* [Records for processing]:
========

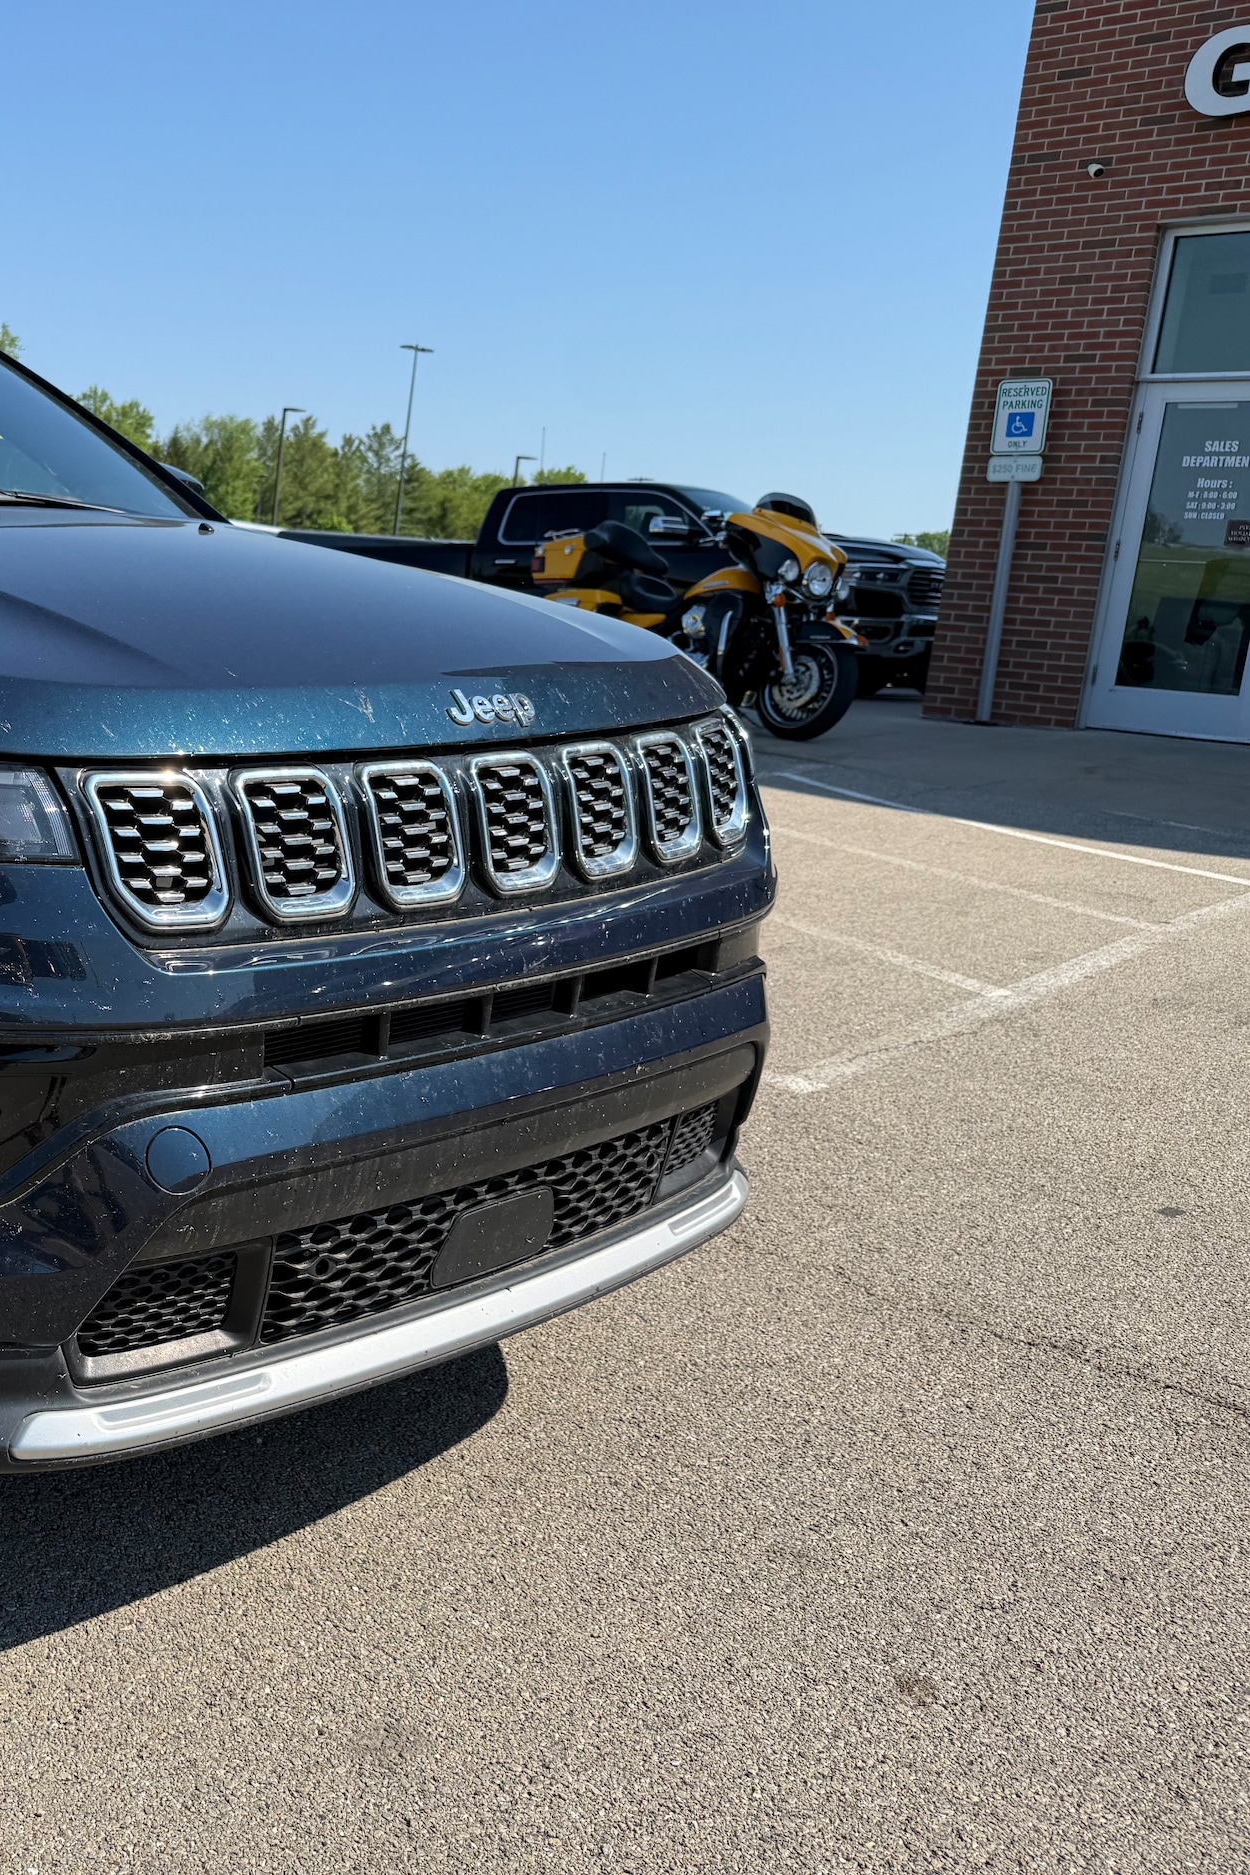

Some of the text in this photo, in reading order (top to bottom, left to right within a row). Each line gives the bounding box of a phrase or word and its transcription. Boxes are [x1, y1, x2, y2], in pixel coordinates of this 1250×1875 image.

[1001, 386, 1048, 398] RESERVED
[1002, 399, 1043, 410] PARKING
[1007, 440, 1028, 449] ONLY
[1204, 440, 1240, 453] SALES
[991, 463, 1038, 474] $250 FINE
[445, 688, 536, 728] Jeep

========

* [Work to complete]:
Quote the data above in full, leaving out the pictures it holds.

* [Finished task]:
Some of the text in this photo, in reading order (top to bottom, left to right within a row). Each line gives the bounding box of a phrase or word and its transcription. Boxes are [x1, y1, x2, y2], in pixel coordinates of this 1250×1875 image.

[1001, 386, 1048, 398] RESERVED
[1002, 399, 1043, 410] PARKING
[1007, 440, 1028, 449] ONLY
[1204, 440, 1240, 453] SALES
[991, 463, 1038, 474] $250 FINE
[445, 688, 536, 728] Jeep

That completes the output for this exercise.